In the javelin throw at a track-and-field event, the javelin is launched at a speed of 35.0 m/s at an angle of 33.7 ° above the horizontal. As the javelin travels upward, its velocity points above the horizontal at an angle that decreases as time passes. How much time is required for the angle to be reduced from 33.7 ° at launch to 16.3 °?

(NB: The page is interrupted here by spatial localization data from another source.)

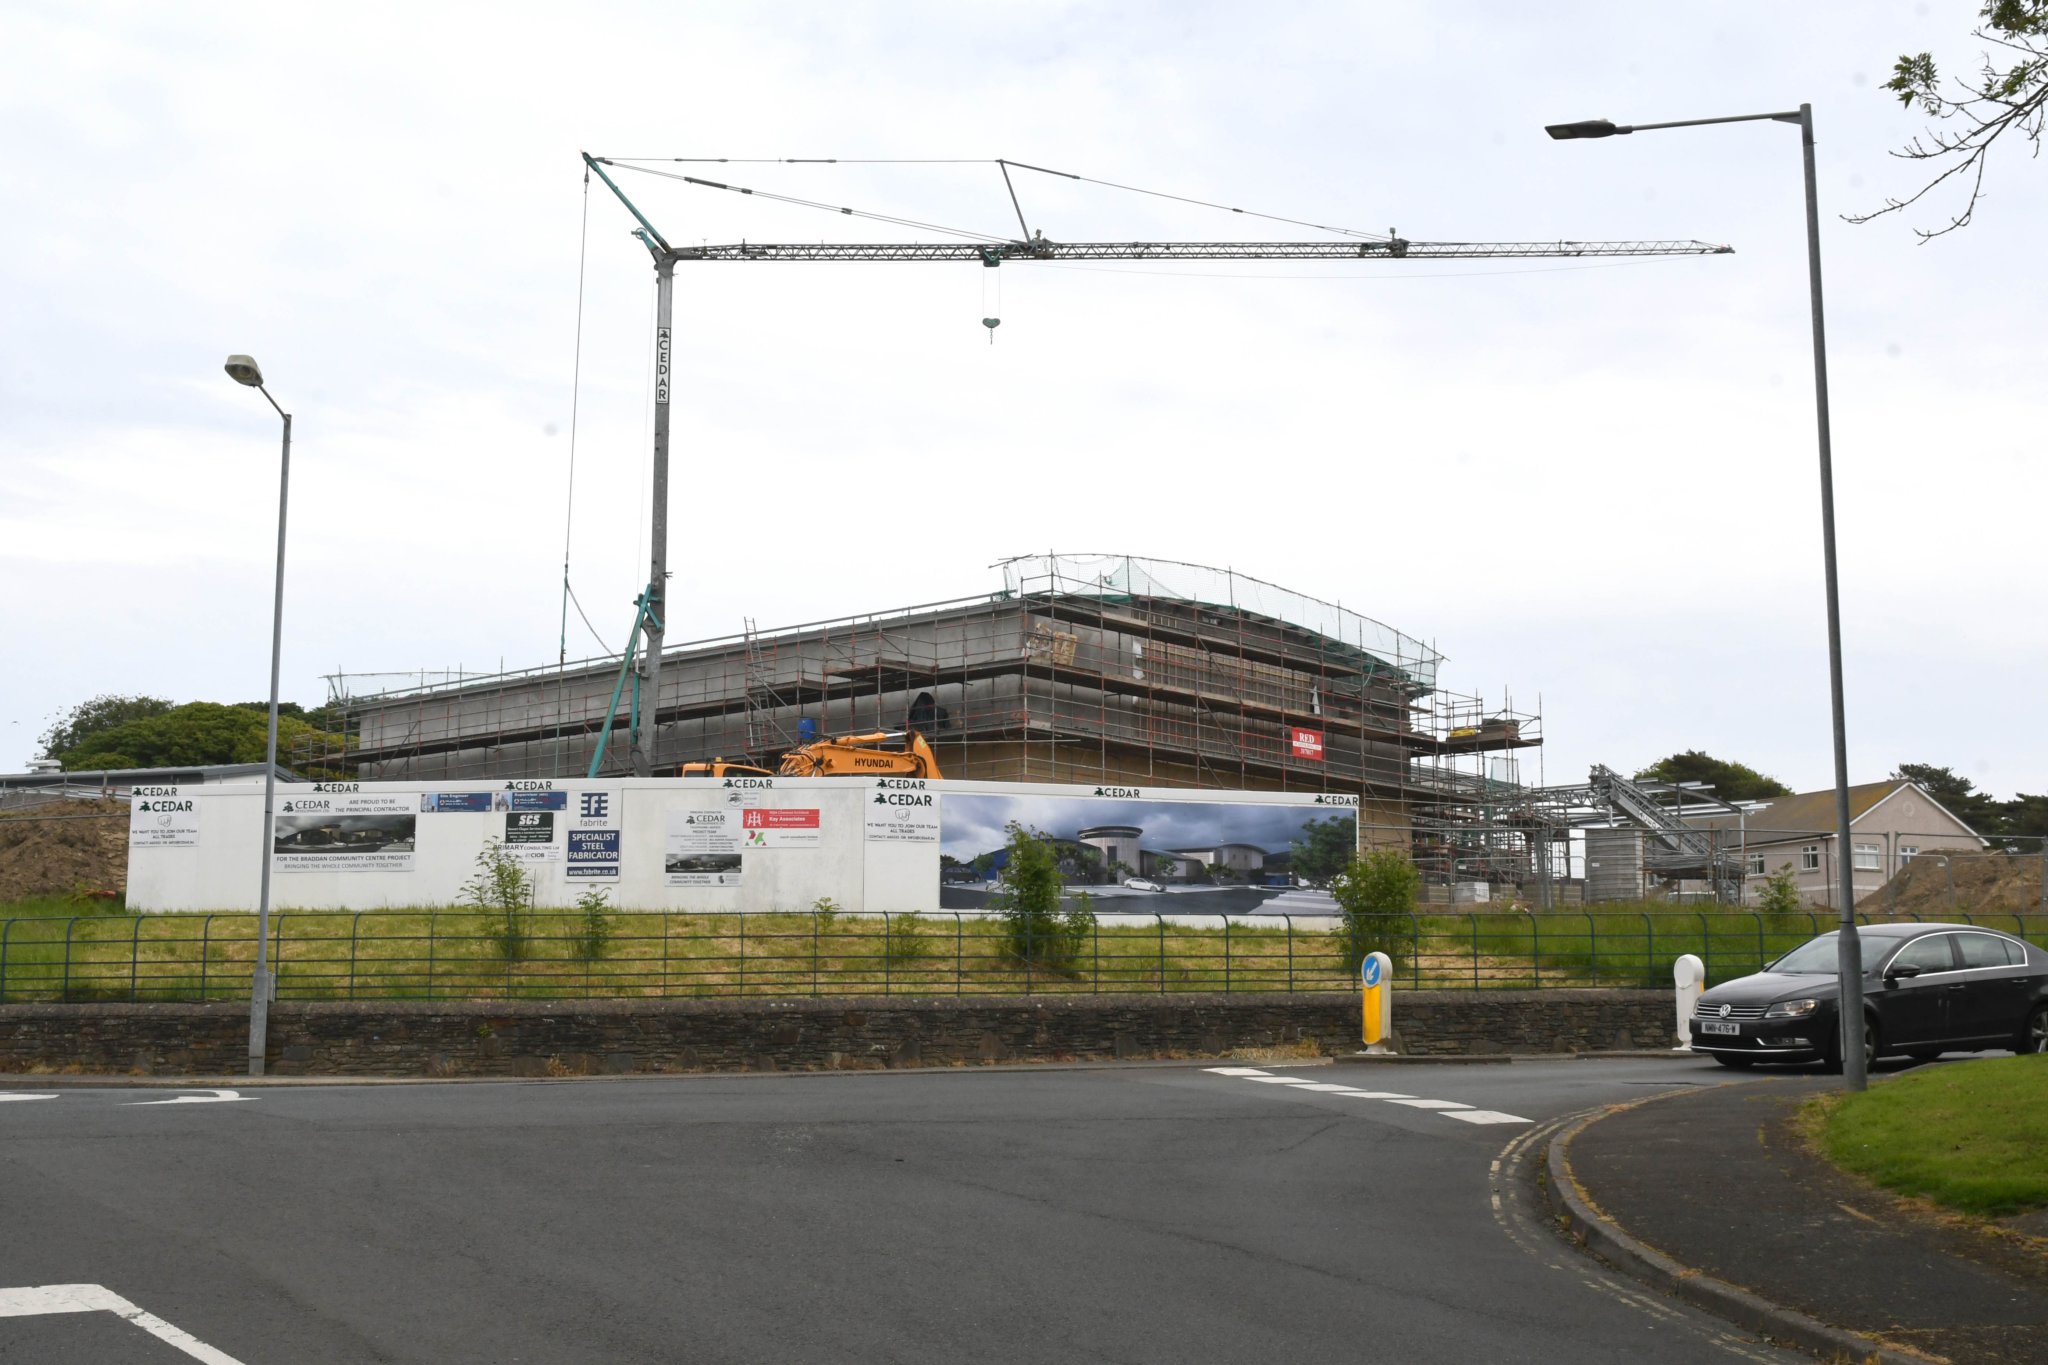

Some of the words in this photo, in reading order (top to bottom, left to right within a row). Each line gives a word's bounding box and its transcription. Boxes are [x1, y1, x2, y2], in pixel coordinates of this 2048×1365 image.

[658, 340, 668, 400] CEDAR
[1299, 732, 1315, 743] RED
[854, 757, 894, 768] HYUNDAI
[323, 783, 360, 792] CEDAR
[515, 781, 552, 790] CEDAR
[734, 779, 773, 788] CEDAR
[887, 779, 926, 790] CEDAR
[142, 787, 178, 796] CEDAR
[1104, 788, 1140, 798] CEDAR
[295, 800, 330, 809] CEDAR
[888, 794, 932, 806] CEDAR
[1324, 795, 1359, 806] CEDAR
[152, 800, 193, 812] CEDAR
[518, 814, 541, 825] SCS
[580, 819, 608, 827] fabrite
[572, 833, 616, 841] SPECIALIST
[582, 842, 605, 850] STEEL
[568, 851, 618, 860] FABRICATOR
[568, 867, 617, 875] www.fabrite.co.uk

Vi = 35 sin 33.7 = 19.42 initial up

u = 35 cos 33.7 = 29.12 constant horizontal

v = Vi - g t
v = 19.42 - 9.8 t

when v/u = tan 16.3 we are there
v/29.12 = .2924
v = 8.515

so
8.515 = 19.42 - 9.8 t
t = 1.11 seconds

Compute the time that it takes for the vertical velocity component Vy to decrease from 35sin33.7 to 35cos33.7*tan16.3 .

(The horizontal velocity component remains 35cos33.7)

That time will be the difference of those numbers, divided by g.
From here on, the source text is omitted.